ADVERTISEMENT

Life on the Run No Bar to Qaddafi Son Leading Libya, Russia Says

Life on the Run No Bar to Qaddafi Son Leading Libya, Russia Says

(Bloomberg) -- The son of deposed Libyan dictator Muammar Qaddafi has the right to run for president next year despite facing charges of crimes against humanity by the International Criminal Court, a top Russian official said.

Saif al-Islam, a one-time heir apparent to his father who has leadership ambitions, could become a unifying figure in the oil-rich but chaotic North African state, said Mikhail Bogdanov, the Middle East envoy of President Vladimir Putin. “I think it will depend on their political will” in Libya, he said in an interview in Moscow this week. “The country has practically fallen apart, Libyans find it very hard to talk to each other.”

Life on the Run No Bar to Qaddafi Son Leading Libya, Russia Says

Qaddafi’s son is wanted by The Hague-based tribunal for crimes against humanity relating to a violent crackdown on demonstrations against his father’s rule in 2011. The Libyan autocrat was overthrown and killed later that year, ending more than four decades in power.

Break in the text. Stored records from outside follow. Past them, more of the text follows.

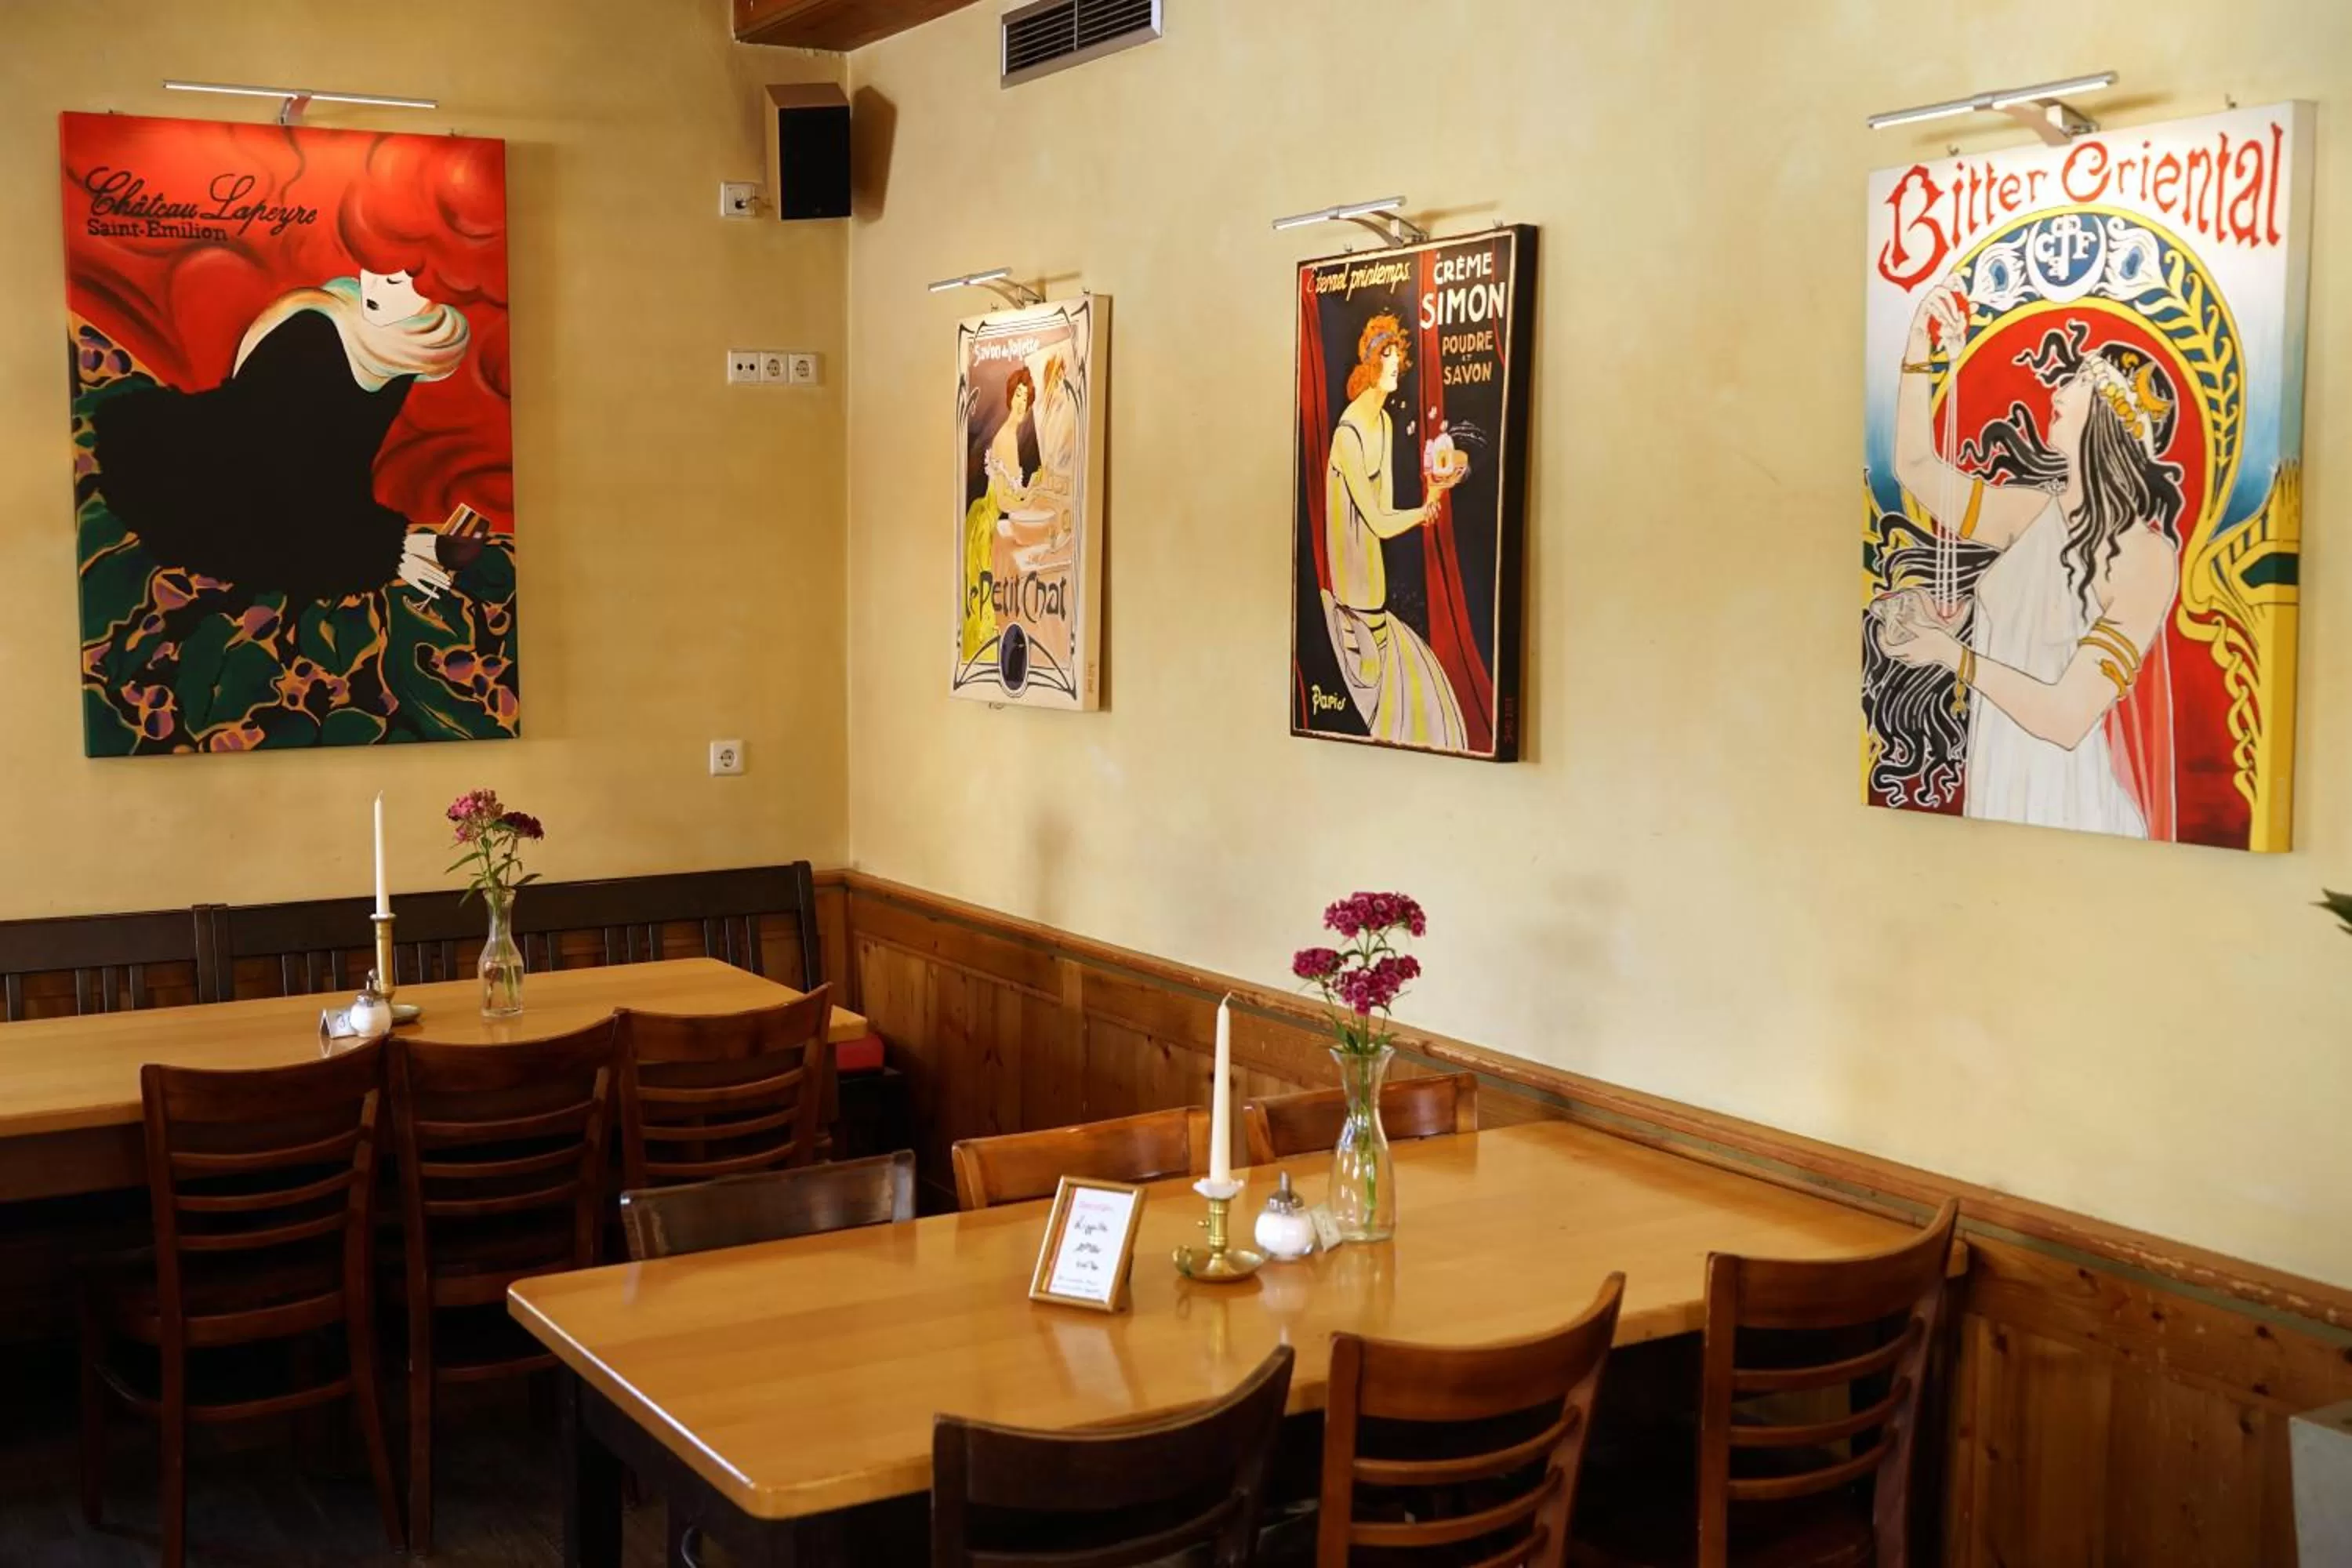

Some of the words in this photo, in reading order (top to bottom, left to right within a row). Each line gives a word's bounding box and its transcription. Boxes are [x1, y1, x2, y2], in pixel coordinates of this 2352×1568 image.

[85, 166, 198, 220] Château
[199, 173, 318, 236] Lapeyre
[1878, 164, 2049, 293] Bitter
[2061, 122, 2283, 248] Oriental
[1419, 281, 1506, 330] SIMON
[1442, 330, 1494, 356] POUDRE
[1443, 361, 1493, 386] SAVON
[979, 570, 1019, 622] Petit
[1023, 570, 1066, 623] Chat

The court’s chief prosecutor in October rejected a bid by Saif al-Islam to have the charges dropped, with his defense arguing he’d been convicted of the same offenses in Libya.

Saif al-Islam, who was held by the Zintan militia in western Libya after his capture in 2011, was tried in a Tripoli court in absentia and convicted in 2015. The rebels holding him decided to free him in 2016 after Libya’s eastern-based parliament declared a general amnesty. He hasn’t been seen in public since. Bogdanov said he is in touch by phone with Saif al-Islam, who’s assured him that he’s safe. “Where is he? I don’t want to know.”

Arrest Sought

Tripoli prosecutors continue to seek the arrest of Saif al-Islam, saying he needs to be re-tried because he wasn’t present for the original hearings.

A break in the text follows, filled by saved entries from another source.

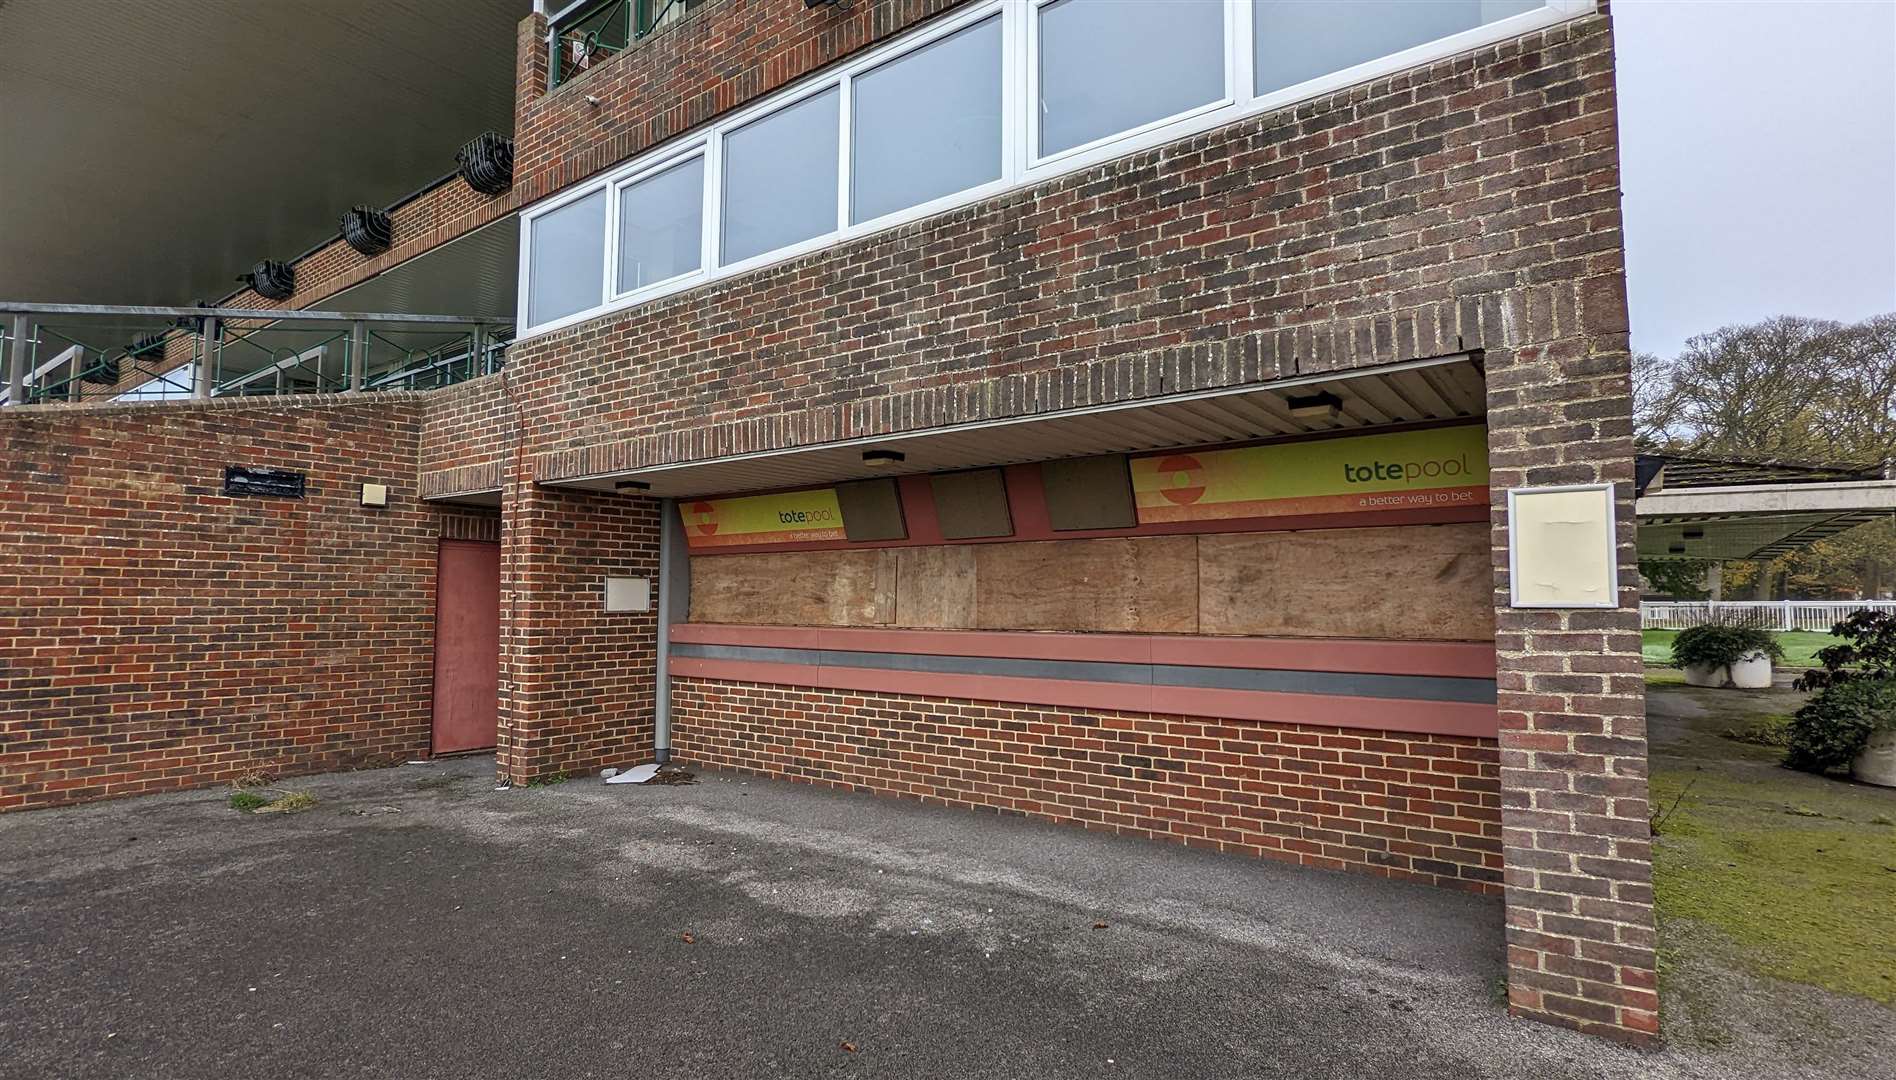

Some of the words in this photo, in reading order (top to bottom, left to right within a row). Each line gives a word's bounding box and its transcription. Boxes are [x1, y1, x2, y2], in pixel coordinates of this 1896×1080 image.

[1344, 453, 1472, 484] totepool
[1359, 498, 1367, 506] a
[1368, 496, 1404, 506] better
[1407, 495, 1432, 505] way
[1435, 492, 1449, 502] to
[1451, 491, 1473, 501] bet
[779, 508, 834, 525] totepool

“The local Libyan legislature and judicial authorities have already delivered a verdict that he shouldn’t be pursued and has the right to participate in the political life of the country like any other Libyan citizen,” said Bogdanov, who is also deputy foreign minister. He noted that neither Russia nor the U.S. recognize the jurisdiction of the ICC.

Still, the outstanding charges mean Qaddafi’s son can’t make a comeback unless they are resolved through a “wider national reconciliation process,” said Mohamed Eljarh, co-founder of Libya Outlook for Research and Consulting, a Tobruk-based think tank.

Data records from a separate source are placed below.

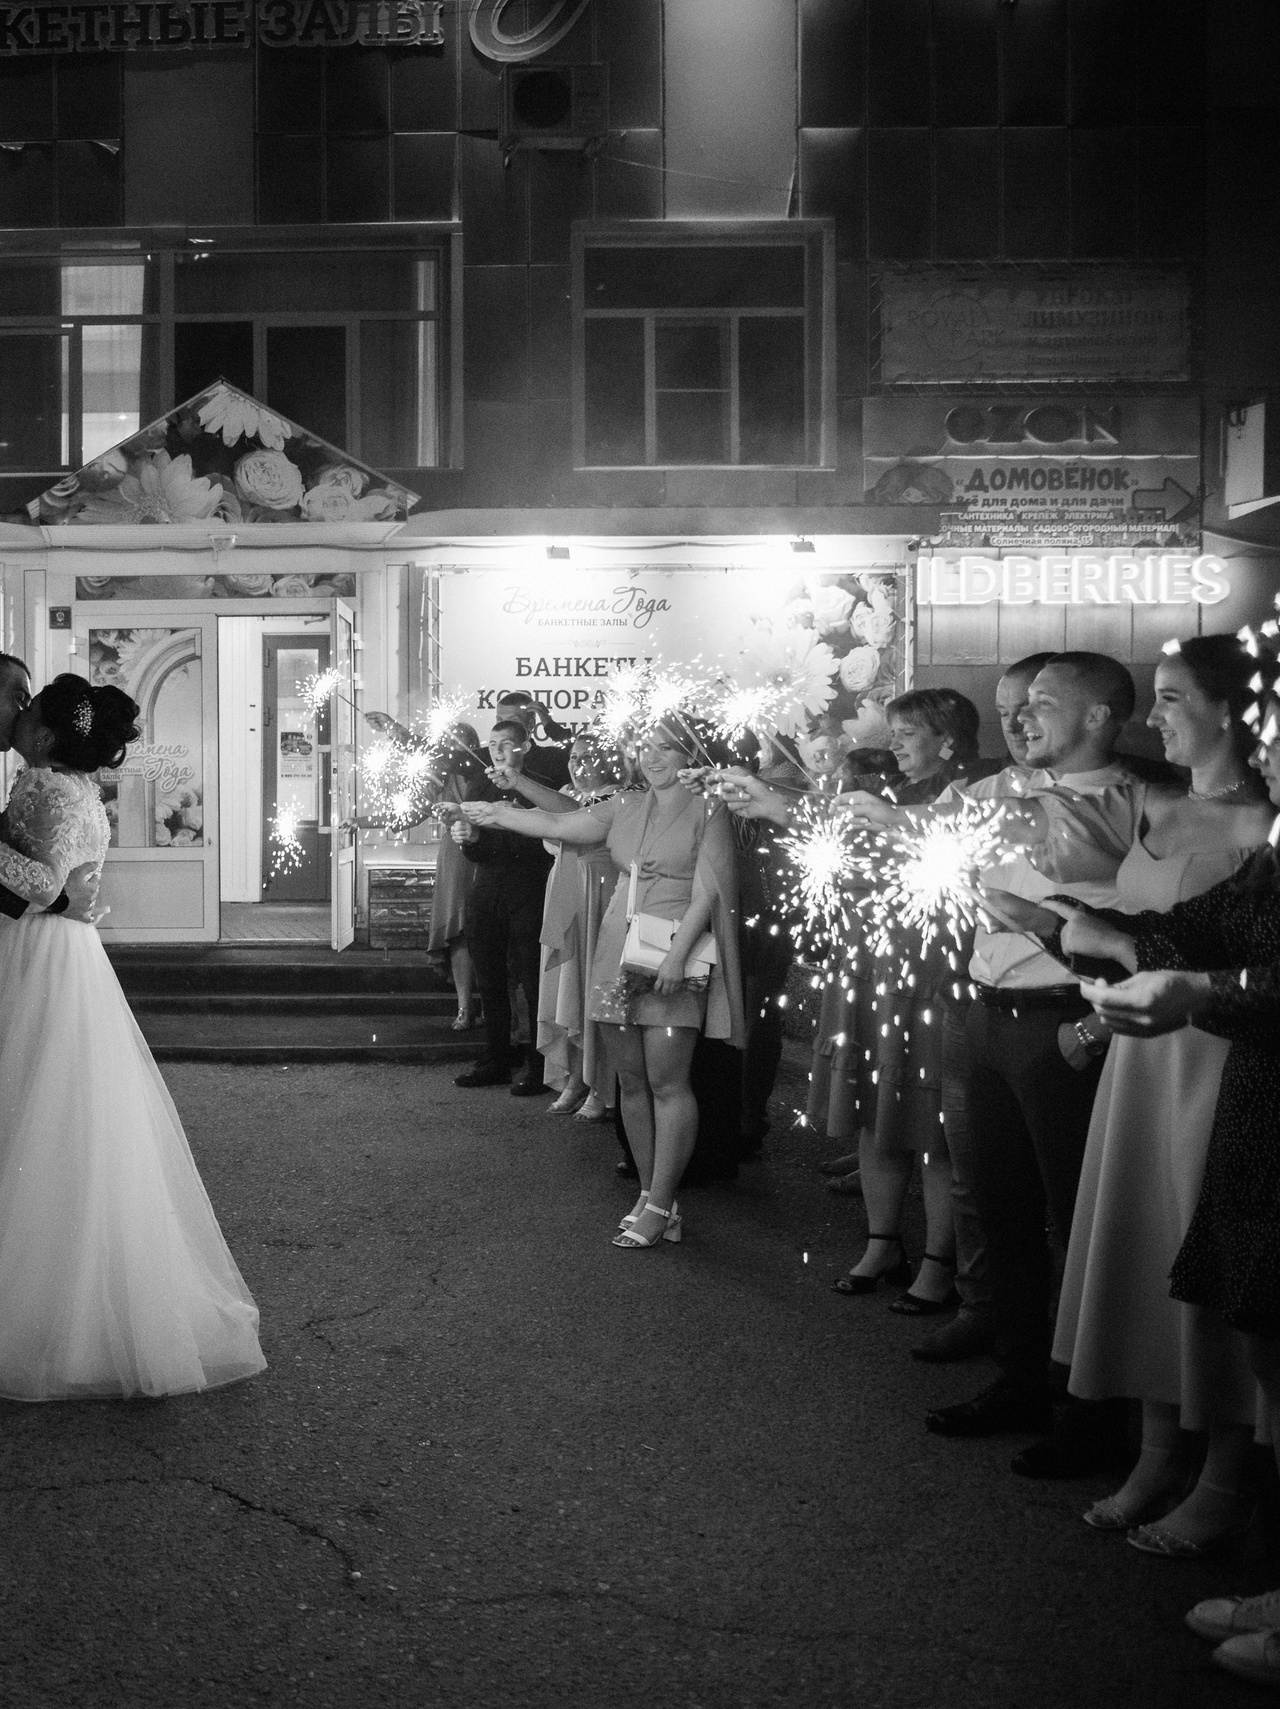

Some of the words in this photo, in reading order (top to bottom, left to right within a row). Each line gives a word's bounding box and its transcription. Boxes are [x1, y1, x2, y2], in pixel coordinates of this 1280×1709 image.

[262, 0, 444, 43] ЗАЛЫ
[946, 405, 1122, 444] OZON
[982, 497, 1008, 508] для
[1010, 497, 1047, 508] дома
[1050, 497, 1059, 506] и
[1061, 497, 1088, 508] для
[1090, 496, 1124, 507] дачи
[958, 512, 1014, 521] САНТЕХНИКА
[1064, 511, 1115, 520] ЭЛЕКТРИКА
[939, 524, 973, 533] ОЧНЫЕ
[974, 524, 1029, 534] МАТЕРИАЛЫ
[1033, 523, 1128, 534] САДОВО-ОГОРОДНЫЙ
[990, 537, 1040, 546] Солнечная
[610, 586, 672, 629] Года
[538, 618, 598, 627] БАНКЕТНЫЕ
[600, 618, 628, 627] ЗАЛЫ
[144, 757, 192, 791] Года

In addition to Saif al-Islam, eastern military strongman Khalifa Haftar also has presidential ambitions, and other rival centers of power include the United Nations-backed government in Tripoli led by Prime Minister Fayez al-Sarraj and the western Misrata region.

Russia’s Bogdanov said the only way out of the crisis in Libya, where UN-supervised elections are planned for spring 2019, is for the rival Libyan factions to agree among themselves on power-sharing and Moscow is working to convince them.

To contact the reporters on this story: Henry Meyer in Moscow at hmeyer4@bloomberg.net;Stepan Kravchenko in Moscow at skravchenko@bloomberg.net;Samer Khalil Al-Atrush in Cairo at skhalilalatr@bloomberg.net

To contact the editors responsible for this story: Gregory L. White at gwhite64@bloomberg.net, Torrey Clark

©2018 Bloomberg L.P.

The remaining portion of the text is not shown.